The consequences of glycation vary, depending upon the product formed and the molecular structures involved. In general, it could be said that glycation compromises normal molecular structure, function and/or half-life. Add to this the fact that glycated structures are also targets of specific clearance receptors whose ligation promotes inflammation, then one may quickly conclude that glycation has a considerable downside.3,6,7 

In a high glucose environment, almost all proteins could be targets for glycation. Four molecules, which are relevant to diabetes, have been studied in some detail, including collagen, albumin, LDL and insulin. Collagen is known to be cross-linked by glucose-derived AGE. This is known to induce an expansion of collagen fibrils, inhibit lateral association of collagen molecules into a normal network-like structure, and promote endothelial cell proliferation and dissociation from basement membrane. This disrupts normal vascular architecture and causes increased vascular permeability.3 

Albumin is often glycated, and high levels will promote VEGF expression and neovascularization in the retina,8 vascular smooth muscle proliferation and secretion of inflammatory mediators in the arteries,9 endothelial cell apoptosis with glomerular hyperfiltration in the kidney,10 and an anti-insulin effect in peripheral skeletal muscle.11 Glycation of LDL predisposes it to long-term retention in the tissues, particularly attached to vascular collagen.3,6 Although it has been proposed that retained LDL is more susceptible to oxidation, thus contributing to foam cell formation in vessels, recent data suggests this may not be the case.3,12,13 Finally, insulin, the mediator of glucose influx for most tissues, is also materially glycated in conditions of hyperglycemia.14

Relative to normal glycated insulin levels, diabetic serum can show as much as a two or three-fold increase in glycated insulin.14,15 In experimental models, this could represent as much as 10% of all circulating insulin.14Glycated insulin will show anywhere from 20 to 40% decreased potency in glucose uptake studies.15 Notably, it appears insulin glycation does not impact insulin-insulin receptor binding, so the effect must be at the post-receptor level.16

Hemoglobin A1c (HbA1c) and C-reactive Protein
Diabetes mellitus is a complex disease affecting almost every tissue and organ system, with metabolic ramifications extending far beyond impaired glucose metabolism. Biomarkers may reflect the presence and severity of hyperglycemia (ie, diabetes itself) or the presence and severity of the vascular complications of diabetes. In blood, hemoglobin A1c (HbA1c) may be considered as a biomarker for the presence and severity of hyperglycemia, implying diabetes or prediabetes, or, over time, as a “biomarker for a risk factor,” ie, hyperglycemia as a risk factor for diabetic retinopathy, nephropathy, and other vascular complications of diabetes. In tissues, glycation and oxidative stress resulting from hyperglycemia and dyslipidemia lead to widespread modification of biomolecules by advanced glycation end products (AGEs). (Lyons & Basu 2012)

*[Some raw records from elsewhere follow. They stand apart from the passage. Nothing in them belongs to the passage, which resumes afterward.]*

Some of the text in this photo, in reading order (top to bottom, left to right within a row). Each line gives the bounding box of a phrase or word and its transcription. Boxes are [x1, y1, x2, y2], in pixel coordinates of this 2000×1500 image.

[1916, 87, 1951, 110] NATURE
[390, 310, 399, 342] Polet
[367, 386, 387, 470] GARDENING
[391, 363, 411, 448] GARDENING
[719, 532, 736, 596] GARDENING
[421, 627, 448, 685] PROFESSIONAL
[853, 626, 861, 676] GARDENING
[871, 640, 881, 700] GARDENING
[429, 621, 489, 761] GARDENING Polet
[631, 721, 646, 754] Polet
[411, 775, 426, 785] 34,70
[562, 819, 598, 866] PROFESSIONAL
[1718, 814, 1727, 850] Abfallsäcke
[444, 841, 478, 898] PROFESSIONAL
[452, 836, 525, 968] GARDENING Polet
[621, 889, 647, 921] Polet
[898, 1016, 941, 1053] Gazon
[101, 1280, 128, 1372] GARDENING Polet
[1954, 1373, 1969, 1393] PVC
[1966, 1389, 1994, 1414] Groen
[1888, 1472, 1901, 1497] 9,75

HbA1c  – The monitoring of glycemia (the concentration of glucose in the blood) is an essential component of diabetes care. It may be divided into self-monitoring of blood glucose (SMBG), which measures the immediate level of glycemia, and measurement of hemoglobin A1c (HbA1c), which reflects longer-term glycemia. SMBG was discussed in an earlier review. HbA1c is a measure of erythrocyte hemoglobin glycation, and since erythrocytes have about a 120 day life span, HbA1c reflects mean glycemia for the previous 3 months (weighted to the most recent month). There are several conditions that confound the HbA1c measurement such as hemolytic anaemia (lowers HbA1c) or aplastic anaemia (raises it), but in most circumstances HbA1c is a valid index of glycemia. The recommendation is to measure HbA1c every 3-6 months, and treat to a target level of < 7%. If these recommendations were successfully followed in most people with diabetes, long-term complications, especially microvascular complications, would be markedly reduced. (Saudek et al 2005)

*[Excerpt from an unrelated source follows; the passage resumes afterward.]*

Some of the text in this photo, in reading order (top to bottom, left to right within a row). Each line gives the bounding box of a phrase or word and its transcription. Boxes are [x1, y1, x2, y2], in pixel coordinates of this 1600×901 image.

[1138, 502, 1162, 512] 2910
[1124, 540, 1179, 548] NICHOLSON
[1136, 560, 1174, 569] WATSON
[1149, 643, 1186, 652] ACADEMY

HbA1c  – Measurement of hemoglobin A1c (HbA1c) is considered the gold standard for monitoring chronic glycemia of diabetes patients. Hemoglobin A1c indicates an average of blood glucose levels over the past 3 months. Its close association with the risk for the development of long-term complications is well established. However, HbA1c does not inform patients about blood glucose values on a daily basis; therefore, frequent measurements of blood glucose levels are necessary for the day-to-day management of diabetes. (Makris & Spanou 2011)

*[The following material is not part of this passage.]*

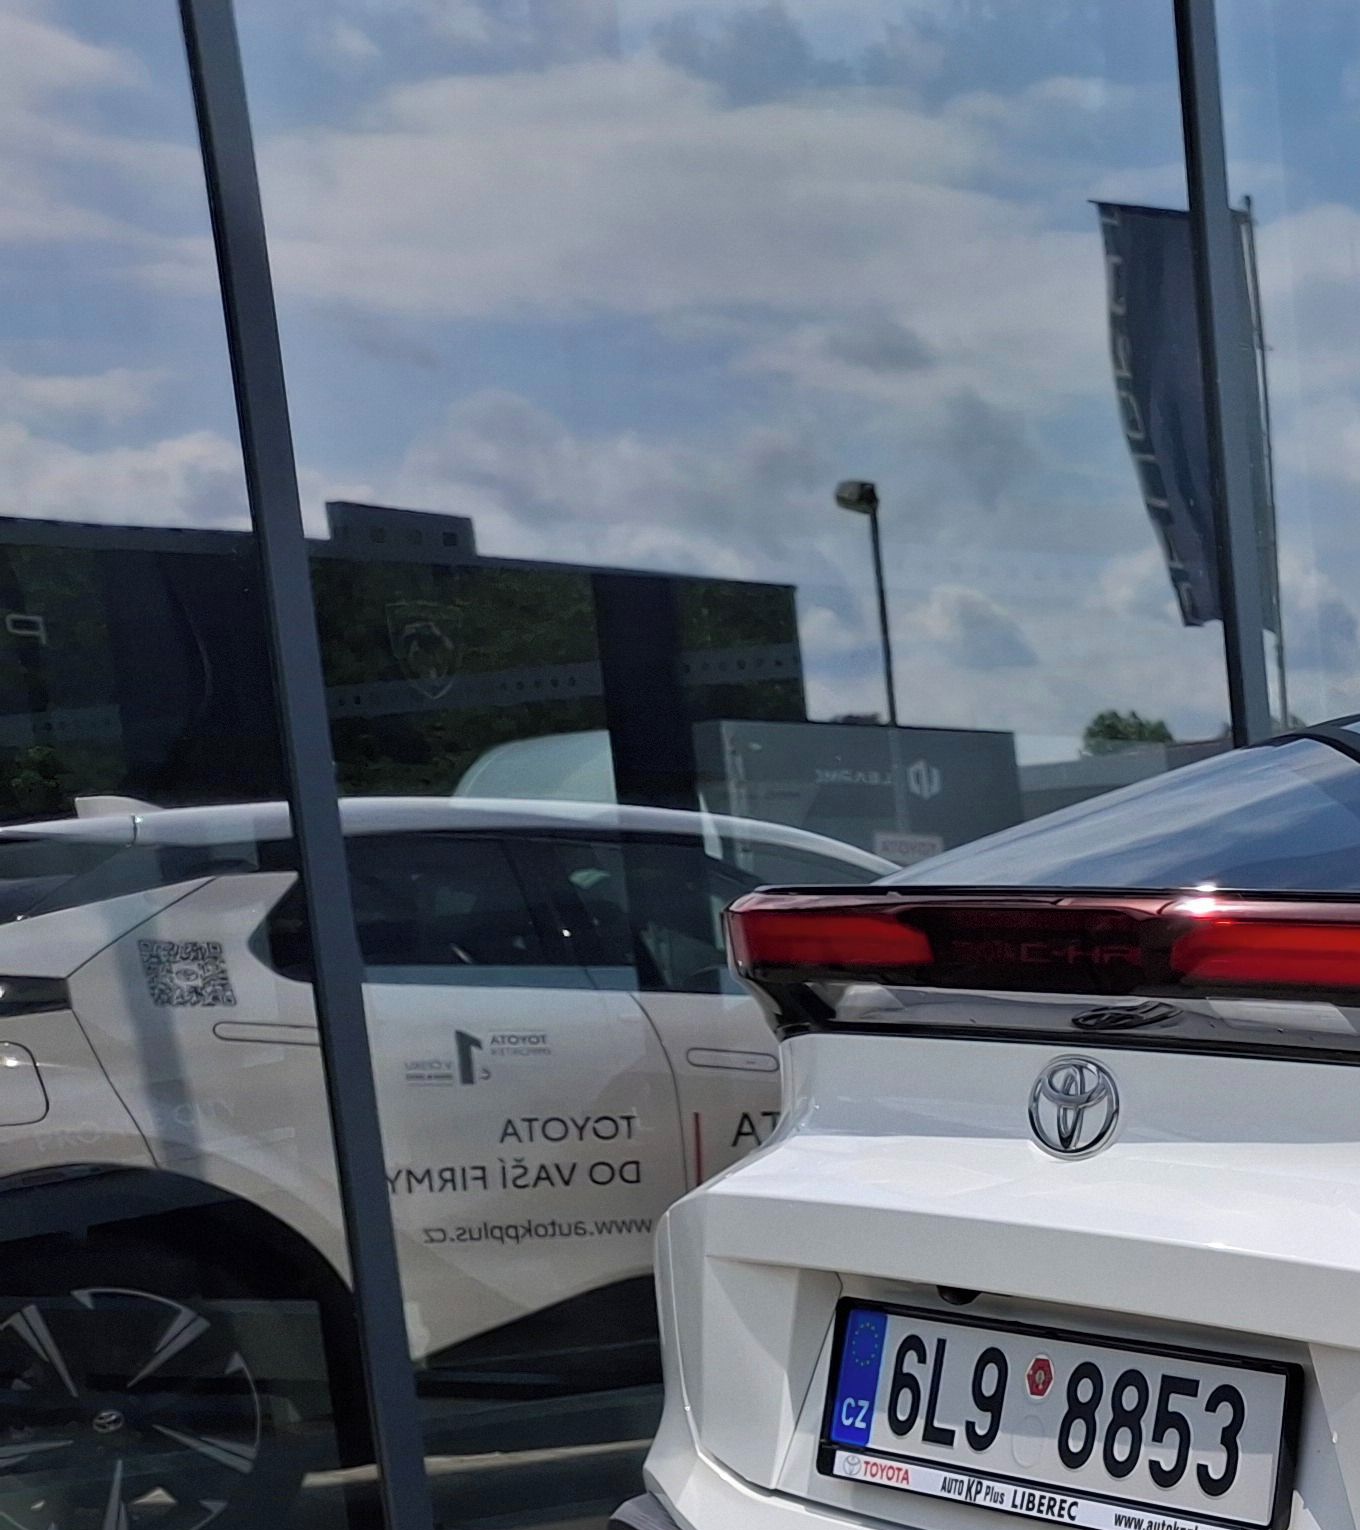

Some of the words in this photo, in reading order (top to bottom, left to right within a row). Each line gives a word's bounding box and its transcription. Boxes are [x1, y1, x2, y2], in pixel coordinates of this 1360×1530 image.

C-reactive protein (CRP) is a key marker of inflammation in cardiovascular diseases, and is a mediator for developing atherosclerosis. C-reactive protein increases the expression of cell adhesion molecules, chemokines, RAGE and the production of ROS. Mahajan et al 2010 suggested that CRP upregulates RAGE expression. They also demonstrated that this upregulation could be reduced by MAPKs inhibitors; therefore, they suggested that p38, ERK and JNK signalling pathways were involved in CRP-induced RAGE expression. (Younessi & Yoonessi 2011)

Advanced Glycation End Products and Cancer
It is estimated that almost 25% of all cancers are somehow associated with chronic infection and inflammation. Accordingly, several evidences derived from both epidemiological studies and basic research have shown that organ-specific carcinogenesis is linked to the development of a chronic local inflammatory milieu, as reported for Helicobacter pylori-induced gastric inflammation and the occurrence of gastric cancer or gastric mucosa lymphoma, prostatitis and prostate cancer, inflammatory bowel disease and colon cancer, chronic cholecystitis and gall bladder carcinoma, just to mention a few examples. (Rojas et al 2010)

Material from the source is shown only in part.